Silence. His mom sighed.

“I would be just fine with that. She’s my daughter and I love her no matter who she loves.”

“What if she got a nose piercing?”

“Ira. Cut that out.”

“I’m kidding!”

“Well you’re not very funny.”

“I know. I inherited your sense of humor.”

“Brat.”

“Love you too, Mom.”

At a stop sign she leaned over and kissed his cheek. He pretended to be annoyed.

* * *

Ira and Jamie didn’t speak, didn’t share a single look, for so long that the kiss in the tree began to feel like a dream. It had been so dark, so quick, that Ira wondered if Jamie even knew who he kissed. But instead of another layer of safety, Ira felt panic. If two boys sat in a tree and kissed and no one was around to call them gay did it even happen? It felt unfair, that he couldn’t even acknowledge that moment. He set to staring at the back of Jamie’s head in Algebra, thinking of ways to let Jamie know it was him.

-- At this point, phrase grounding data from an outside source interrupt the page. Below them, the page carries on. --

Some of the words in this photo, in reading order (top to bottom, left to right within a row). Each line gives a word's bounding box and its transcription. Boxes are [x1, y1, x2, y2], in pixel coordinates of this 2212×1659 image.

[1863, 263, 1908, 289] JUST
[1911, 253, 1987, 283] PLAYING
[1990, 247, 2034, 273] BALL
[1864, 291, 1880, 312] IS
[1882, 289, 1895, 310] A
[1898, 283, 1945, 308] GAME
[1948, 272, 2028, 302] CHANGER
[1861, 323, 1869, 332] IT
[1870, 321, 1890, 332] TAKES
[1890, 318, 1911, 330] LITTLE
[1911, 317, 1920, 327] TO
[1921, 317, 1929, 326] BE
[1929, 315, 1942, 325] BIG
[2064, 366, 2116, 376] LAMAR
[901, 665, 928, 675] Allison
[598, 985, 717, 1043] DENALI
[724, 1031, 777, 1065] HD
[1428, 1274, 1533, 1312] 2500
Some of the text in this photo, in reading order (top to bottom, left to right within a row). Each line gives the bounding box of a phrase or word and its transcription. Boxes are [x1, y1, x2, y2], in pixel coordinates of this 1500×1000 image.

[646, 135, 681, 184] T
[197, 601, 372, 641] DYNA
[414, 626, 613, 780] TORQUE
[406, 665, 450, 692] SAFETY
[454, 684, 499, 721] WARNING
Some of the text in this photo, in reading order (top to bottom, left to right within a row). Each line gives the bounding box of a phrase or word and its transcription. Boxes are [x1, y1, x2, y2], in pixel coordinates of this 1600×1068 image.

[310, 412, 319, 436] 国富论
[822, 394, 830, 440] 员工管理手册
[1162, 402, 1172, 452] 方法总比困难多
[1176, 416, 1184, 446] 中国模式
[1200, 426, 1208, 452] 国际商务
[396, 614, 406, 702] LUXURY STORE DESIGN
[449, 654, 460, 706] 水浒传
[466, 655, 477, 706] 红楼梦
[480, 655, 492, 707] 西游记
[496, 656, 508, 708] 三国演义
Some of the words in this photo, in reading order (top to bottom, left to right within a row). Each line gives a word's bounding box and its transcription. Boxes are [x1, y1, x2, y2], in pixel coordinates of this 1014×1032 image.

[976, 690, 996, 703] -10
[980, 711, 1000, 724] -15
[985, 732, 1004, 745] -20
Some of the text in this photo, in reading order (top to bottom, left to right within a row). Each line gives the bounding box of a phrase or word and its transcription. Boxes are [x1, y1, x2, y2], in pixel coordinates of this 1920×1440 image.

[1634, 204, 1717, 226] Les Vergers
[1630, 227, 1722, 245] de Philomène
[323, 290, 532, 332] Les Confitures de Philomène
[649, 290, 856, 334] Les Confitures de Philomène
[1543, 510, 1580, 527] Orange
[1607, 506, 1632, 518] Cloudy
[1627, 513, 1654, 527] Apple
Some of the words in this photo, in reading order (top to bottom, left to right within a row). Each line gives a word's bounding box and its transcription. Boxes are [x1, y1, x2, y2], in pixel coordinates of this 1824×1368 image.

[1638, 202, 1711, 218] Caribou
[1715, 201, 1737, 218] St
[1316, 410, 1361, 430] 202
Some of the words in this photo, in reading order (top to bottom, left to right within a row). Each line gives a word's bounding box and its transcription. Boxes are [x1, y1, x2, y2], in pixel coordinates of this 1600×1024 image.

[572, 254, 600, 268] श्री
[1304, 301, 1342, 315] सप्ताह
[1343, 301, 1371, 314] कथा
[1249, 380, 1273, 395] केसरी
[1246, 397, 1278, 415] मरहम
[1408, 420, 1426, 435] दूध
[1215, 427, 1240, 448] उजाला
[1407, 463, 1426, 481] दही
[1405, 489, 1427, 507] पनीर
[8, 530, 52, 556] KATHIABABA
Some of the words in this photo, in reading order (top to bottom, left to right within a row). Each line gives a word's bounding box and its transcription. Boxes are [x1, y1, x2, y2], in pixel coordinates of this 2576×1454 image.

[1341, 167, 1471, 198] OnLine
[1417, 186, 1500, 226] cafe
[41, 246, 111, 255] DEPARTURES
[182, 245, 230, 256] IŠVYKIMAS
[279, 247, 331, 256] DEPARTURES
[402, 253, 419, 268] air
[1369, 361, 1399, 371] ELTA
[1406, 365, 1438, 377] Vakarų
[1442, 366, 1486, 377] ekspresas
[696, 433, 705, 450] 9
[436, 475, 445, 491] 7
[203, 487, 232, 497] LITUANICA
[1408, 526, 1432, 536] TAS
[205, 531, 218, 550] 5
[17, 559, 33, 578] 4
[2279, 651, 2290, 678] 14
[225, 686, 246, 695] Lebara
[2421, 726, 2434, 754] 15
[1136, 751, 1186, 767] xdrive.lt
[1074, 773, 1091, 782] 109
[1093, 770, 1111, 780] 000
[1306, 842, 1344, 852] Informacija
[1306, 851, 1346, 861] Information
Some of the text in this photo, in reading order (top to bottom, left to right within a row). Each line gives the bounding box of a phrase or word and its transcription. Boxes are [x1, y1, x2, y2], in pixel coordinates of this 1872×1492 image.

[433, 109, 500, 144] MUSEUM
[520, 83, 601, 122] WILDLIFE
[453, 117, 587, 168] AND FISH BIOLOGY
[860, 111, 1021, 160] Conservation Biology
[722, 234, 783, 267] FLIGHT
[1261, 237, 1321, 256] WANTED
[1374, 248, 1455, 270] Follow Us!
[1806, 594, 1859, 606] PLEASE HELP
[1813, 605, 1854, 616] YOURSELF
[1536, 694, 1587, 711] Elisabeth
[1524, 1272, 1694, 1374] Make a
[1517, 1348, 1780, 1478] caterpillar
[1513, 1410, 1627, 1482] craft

Only after three days of unsuccessful telepathy, did Ira remember that he was the last one to come back from hiding that night. That everyone was looking for him. That Jamie knew exactly who he was. But this only made him angry. What right did Jamie have to act like nothing happened? Well, he told himself, nothing did happen. It didn’t matter.

Except of course it did. That fucking faggot could’ve given him AIDS or something. And Ira had just let him. Had maybe even liked it. That pissed Ira off so bad. He didn’t hate Jamie though, he didn’t think. Fags were fine so long as you weren’t one. He would just act like nothing happened. Like Jamie was a total stranger. Ignore him, make him feel like Ira had when he came back to the party not knowing what anyone else knew.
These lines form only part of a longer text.